I have a question re. "They ended up calling in an RTL expert to shepherd the RTL through the Xilinx tool chain, debug it, and produce the configured FPGA." What were they debugging? Presumably not the design itself, since with high-level synthesis tools you're supposed to debug the source and not the generated RTL?


February 2, 2010
In response to: BDTI unveils FPGA C-synthesis certification: Can C beat RTL?
BobsUrUncle commented:

BullS*t benchmark. They handed a folder to the vendor and let them craft an optimized design. Wonder how many people evaluate tools like that? The biggest problem with these tools is how to convert standard C into something the tool can recognize as a high level hardware description. And not it's not like software optimization at all. It's just another RTL language. You need a real Hardware Engineer to drive these tools -- not some SW guy who read a verilog book. These tools are really adjuncts for the HW engineer to convert an algorithm into functional HW. Anything else is pure B.S.


January 21, 2010
In response to: BDTI unveils FPGA C-synthesis certification: Can C beat RTL?
Steve Cox commented:

Great post, Ron.
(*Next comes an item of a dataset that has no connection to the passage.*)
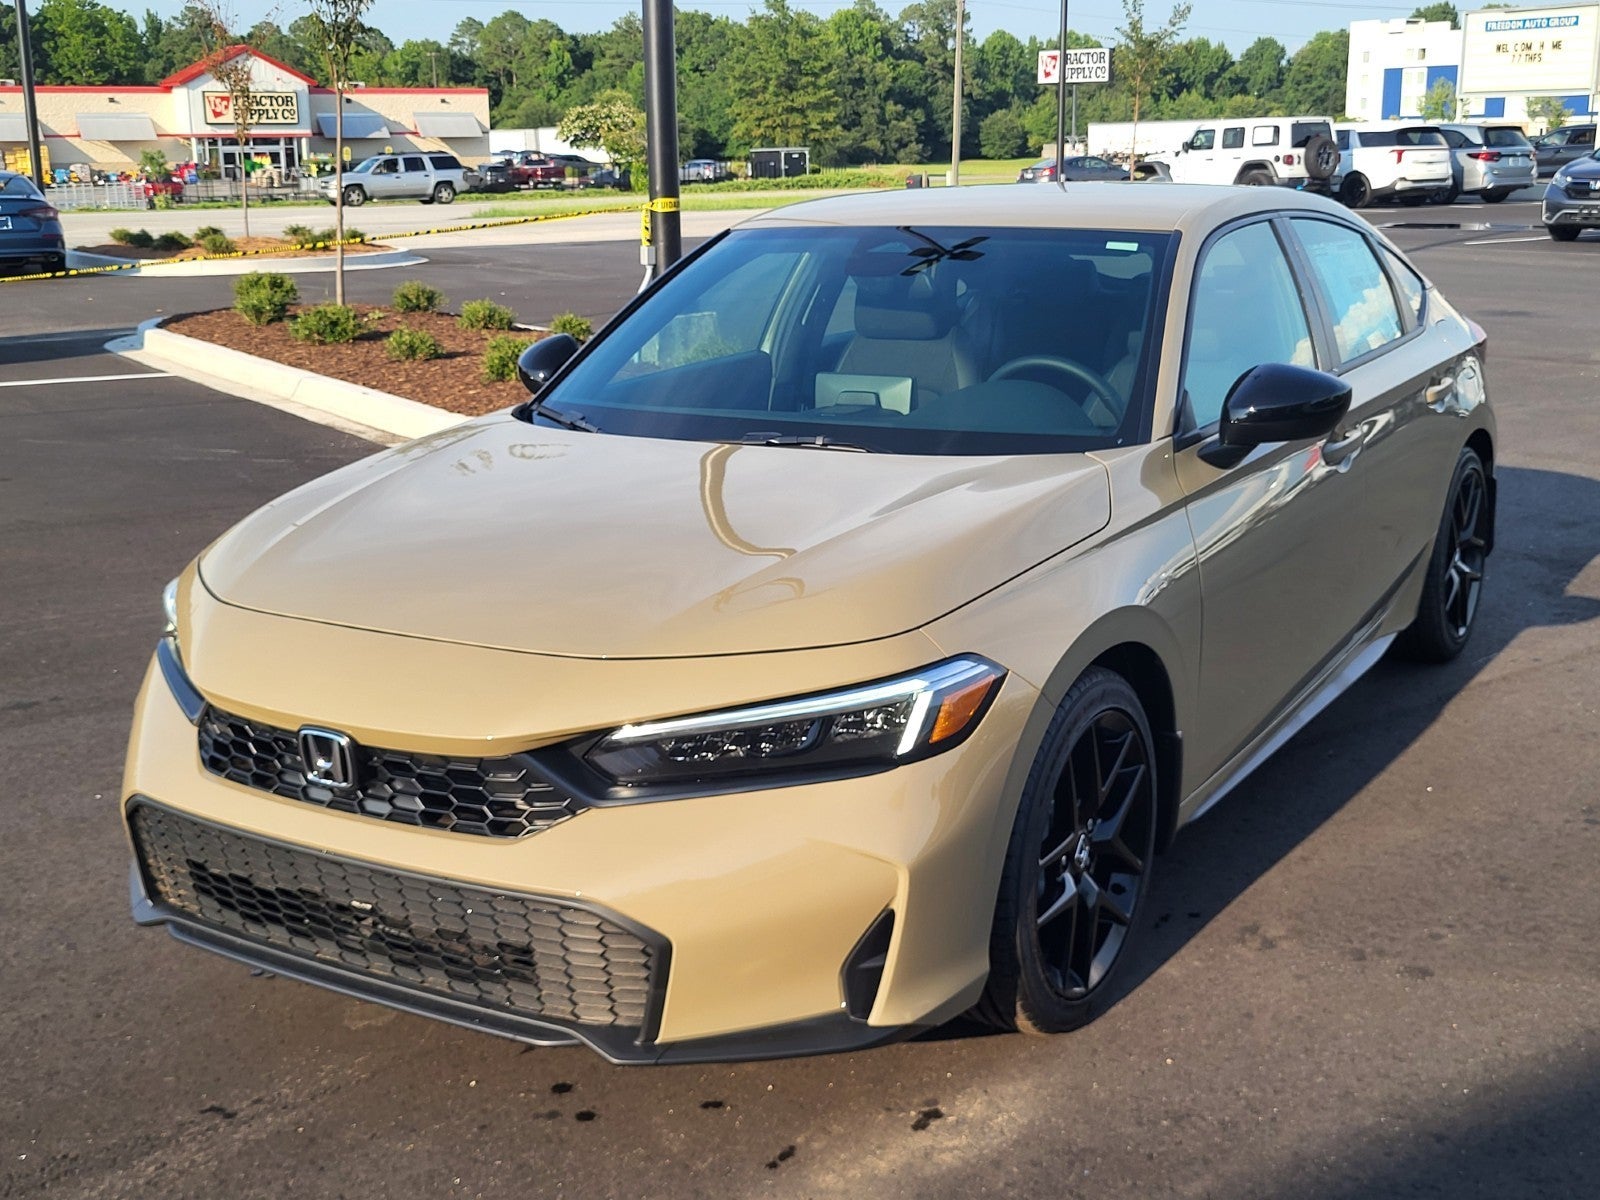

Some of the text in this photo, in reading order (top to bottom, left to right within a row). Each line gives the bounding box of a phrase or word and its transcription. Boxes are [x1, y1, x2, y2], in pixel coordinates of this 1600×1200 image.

And great initiative, BDTI. I look forward to see where this all leads. Very useful for the industry, in my opinion, and this real data can really help ESL get past the conceptual debates and into the next level - wider proliferation. Still, I'm confused why this article is written focusing on FPGAs. Offload from merchant processors is as common on-chip (e.g. look at any SmartPhone chip or Network Processor) as it is "on-board" (i.e. in the FPGA context that you describe). Of course, the technique is useful for both. Additionally, however, your readers may also be interested to realize that there are still other alternatives to C synthesis that provide the RTL-like efficiency, yet still allow direct C-source code debug - without the need for the programmers to think in terms of how the algorithm mapped to HDL. Such opportunities exist in the configurable processor space - especially when using an ASIP design tool like those available from Target Compiler Technologies or Coware. If overcoming the debug problem (and the RTL skill requirement mentioned by Jeff) are important issues for you, you should check into these alternatives.


January 19, 2010
In response to: BDTI unveils FPGA C-synthesis certification: Can C beat RTL?
cms commented:

Great post, very informative. So, as Bier says, the main problem of the HLS tools now is absence of debug capability?